O Plenário da Câmara dos Deputados aprovou na terça-feira, 4, o Projeto de Lei de Conversão (PLV) 25/12, com uma emenda que reduz e escalona as multas por descumprimento de obrigações tributárias acessórias.

O artigo 9º do, que tem conteúdo da Medida Provisória 575/12, expressa os valores estipulados por apresentação extemporânea e por não atendimento na apresentação de declarações, demonstrativos e escrituração digital, entre outros.

A aprovação da matéria, que seguirá agora para sanção presidencial, foi comemorada por entidades de classe, que acompanharam o trâmite. “Tivemos uma atuação decisiva, com o agendamento de várias reuniões no intuito de sensibilizar os parlamentares sobre a importância que essa medida representará”, comentou Valdir Pietrobon, presidente do Fenacon.
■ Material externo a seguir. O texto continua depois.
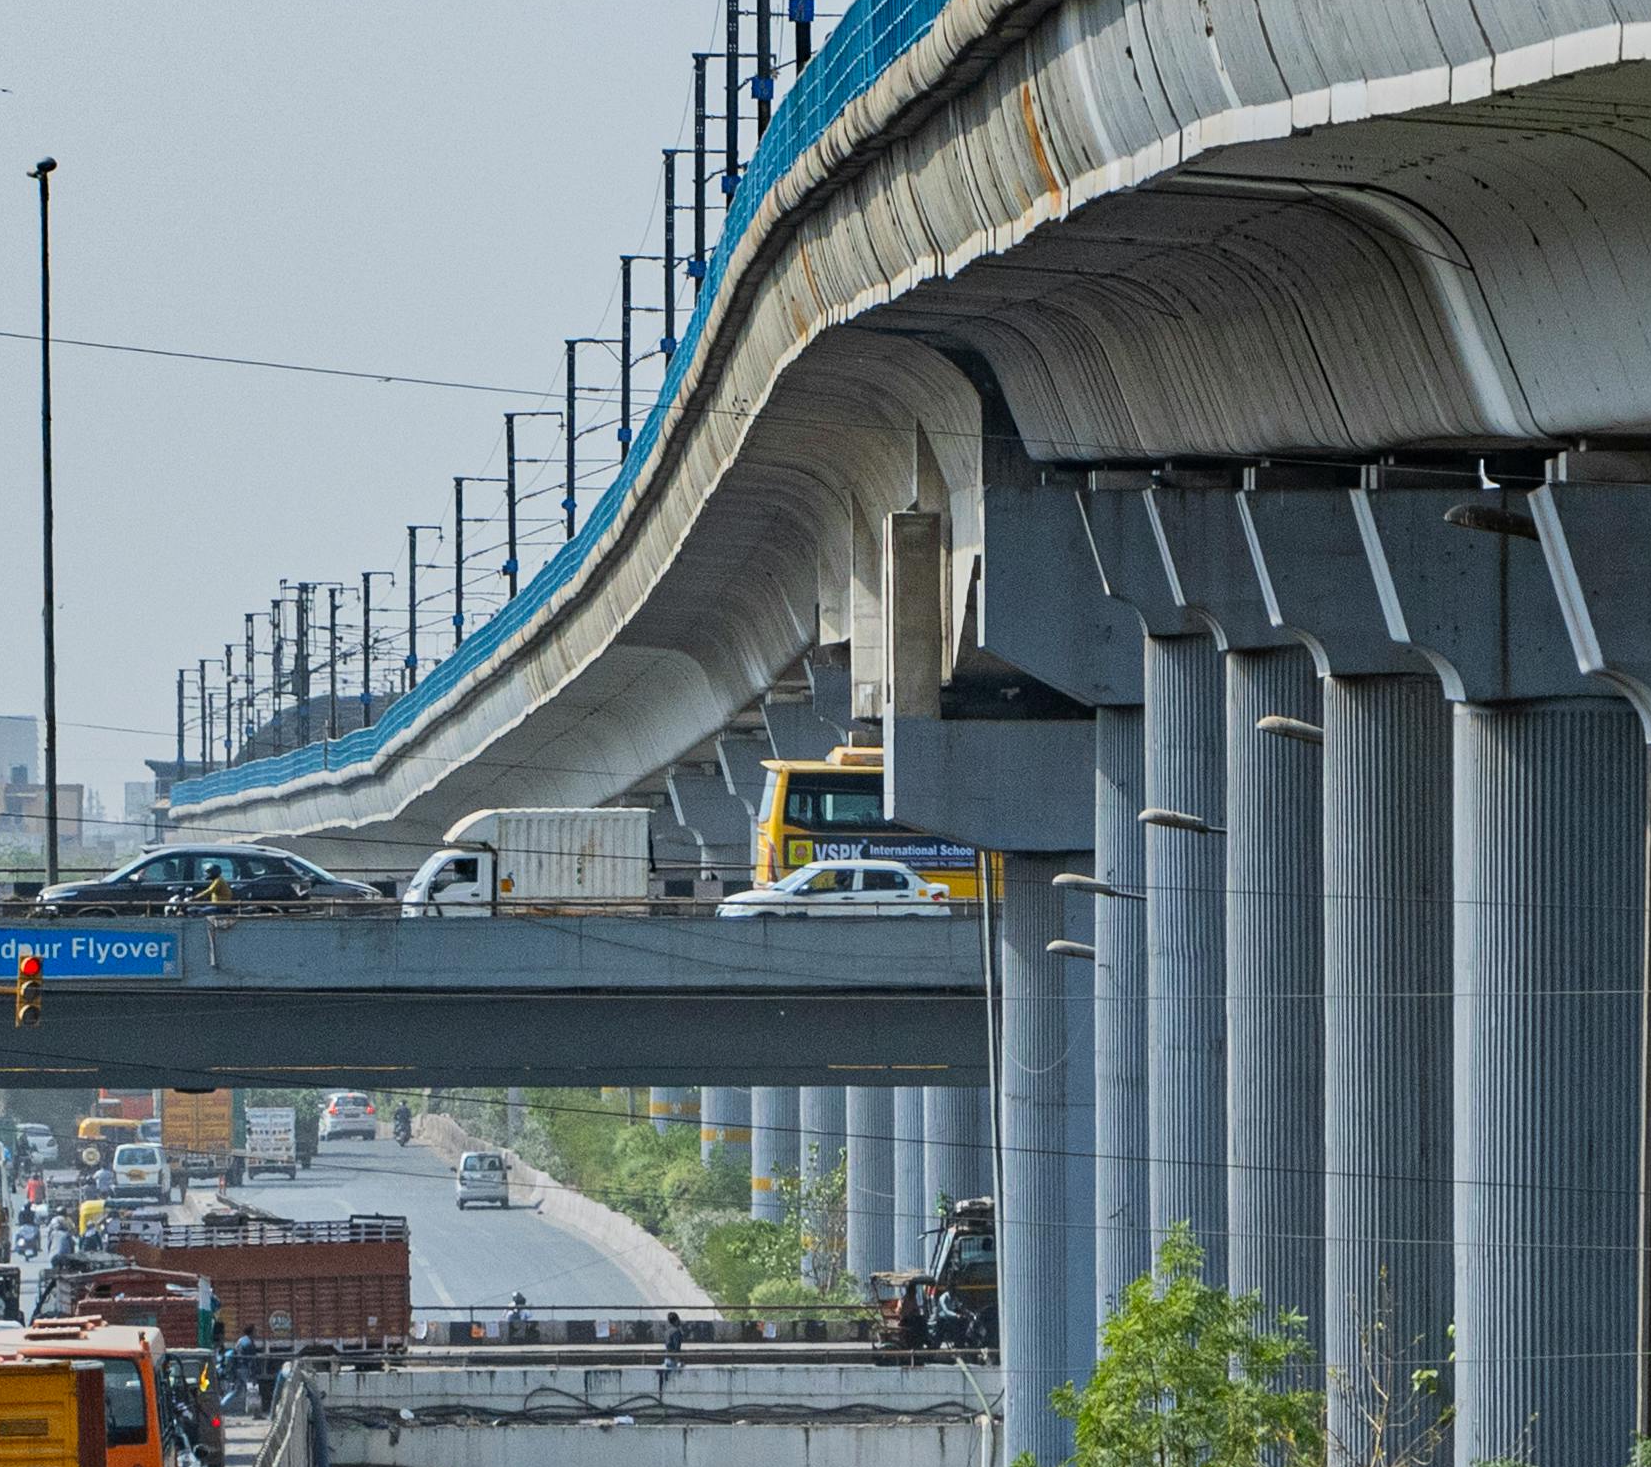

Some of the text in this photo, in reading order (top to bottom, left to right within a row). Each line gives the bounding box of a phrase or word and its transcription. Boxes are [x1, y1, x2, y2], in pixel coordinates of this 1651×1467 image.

[815, 844, 863, 861] VSPK
[870, 844, 937, 857] International
[71, 937, 171, 964] Flyover
A seguir, a íntegra do trecho referente ao artigo 9º:

Art. 9º O art. 57 da Medida Provisória nº 2.158-35, de 24 de agosto de 2001, passa a vigorar com a seguinte redação:

“Art. 57. O sujeito passivo que deixar de apresentar nos prazos fixados declaração, demonstrativo ou escrituração digital exigidos nos termos do art. 16 da Lei nº 9.779, de 19 de janeiro de 1999, ou que os apresentar com incorreções ou omissões será intimado para apresentá-los ou para prestar esclarecimentos nos prazos estipulados pela Secretaria da Receita Federal do Brasil e sujeitar-se-á às seguintes multas:

I – por apresentação extemporânea:

a) R$ 500,00 (quinhentos reais) por mês-calendário ou fração, relativamente às pessoas jurídicas que, na última declaração apresentada, tenham apurado lucro presumido;

b) R$ 1.500,00 (mil e quinhentos reais) por mês-calendário ou fração, relativamente às pessoas jurídicas que, na última declaração apresentada, tenham apurado lucro real ou tenham optado pelo autoarbitramento;

II – por não atendimento à intimação da Secretaria da Receita Federal do Brasil, para apresentar declaração, demonstrativo ou escrituração digital ou para prestar esclarecimentos, nos prazos estipulados pela autoridade fiscal, que nunca serão inferiores a  45 (quarenta e cinco) dias: R$ l.000,00 (mil reais) por mês-calendário;

III – por apresentar declaração, demonstrativo ou escrituração digital com informações inexatas, incompletas ou omitidas: 0,2% (dois décimos por cento), não inferior a R$ 100,00 (cem reais), sobre o faturamento do mês anterior ao da entrega da declaração, demonstrativo ou escrituração equivocada, assim entendido como a receita decorrente das vendas de mercadorias e serviços.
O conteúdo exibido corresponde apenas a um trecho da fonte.